Wir können uns das sagen lassen von Jochen Klepper als von einem Menschen, der schließlich nur durch den Tod hindurch Gottes Licht geschaut hat, dessen letzter Tagebucheintrag auf das Bild des am Kreuz segnenden Christus verweist. Jesus Christus selbst ist es, der die Dunkelheit äußerster Gottverlassenheit durchschritten hat. Er ist durch diese Verlassenheit zum Leben durchgedrungen. Mit dem Licht seines neuen Lebens will er einen jeden unserer Tage begleiten. – Kein Dunkel soll mehr ewig sein, kein Dunkel uns für immer festhalten.

Vers 5: Gott will im Dunkel wohnen und hat es doch erhellt.

              Als wollte er belohnen, so richtet er die Welt.

              Der sich den Erdkreis baute, der lässt den Sünder nicht.

              Wer hier dem Sohn vertraute, kommt dort aus dem Gericht.
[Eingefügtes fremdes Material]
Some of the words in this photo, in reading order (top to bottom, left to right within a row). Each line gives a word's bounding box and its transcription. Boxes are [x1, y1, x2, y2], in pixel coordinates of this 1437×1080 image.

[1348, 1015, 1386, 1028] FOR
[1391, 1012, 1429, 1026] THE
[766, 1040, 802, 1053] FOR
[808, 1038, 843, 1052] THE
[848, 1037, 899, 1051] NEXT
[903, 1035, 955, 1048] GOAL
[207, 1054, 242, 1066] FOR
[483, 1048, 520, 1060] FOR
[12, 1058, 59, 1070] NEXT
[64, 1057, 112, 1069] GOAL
In der 5. Strophe kommt noch einmal alles zusammen, was dieses Lied sagen will. Jochen Klepper kann hier die Aussagen über Gott nur in Gegensätzen fassen, in Gegensätzen, durch die Gott aber in seiner ganzen Zuwendung zu allen Widersprüchlichkeiten menschlicher Existenz, zu aller Not, Verlorenheit und Schuld erscheint. Sein Gericht über menschliche Schuld ist paradoxerweise keine Bestrafung, sondern wie eine Belohnung: Er setzt sich menschlicher Schuld aus! Der, der das Weltall erschaffen hat, ist sich nicht zu gering, sich dem einzelnen, und gerade dem, der an der Last seiner Sünde trägt, zuzuwenden.

Damit mündet das Lied in der Botschaft: Wer hier Jesus vertraut, hat eine ewige Perspektive – er braucht die Verdammung für seine Schuld nicht mehr zu fürchten.

Wer von dieser Verheißung weiß, wem dieser Trost gewiss ist, der wird nicht anders können, als andere diese Verheißung, diesen Trost auch wissen und spüren zu lassen. Er wird hinausgehen, wird jeden und jede, die ihm begegnen, mit den Augen der Liebe Jesu sehen lernen. Wie wichtig ist das gerade in diesem Jahr, das uns mit so vielen Unsicherheiten, Ängsten und Nöten umgibt: Licht ins Dunkel zu tragen, aufzuhellen, beizustehen in den Bereichen, in denen wir wirken können und Verantwortung tragen, und dabei uns selbst immer wieder von dem Licht des Morgensterns umfangen zu lassen.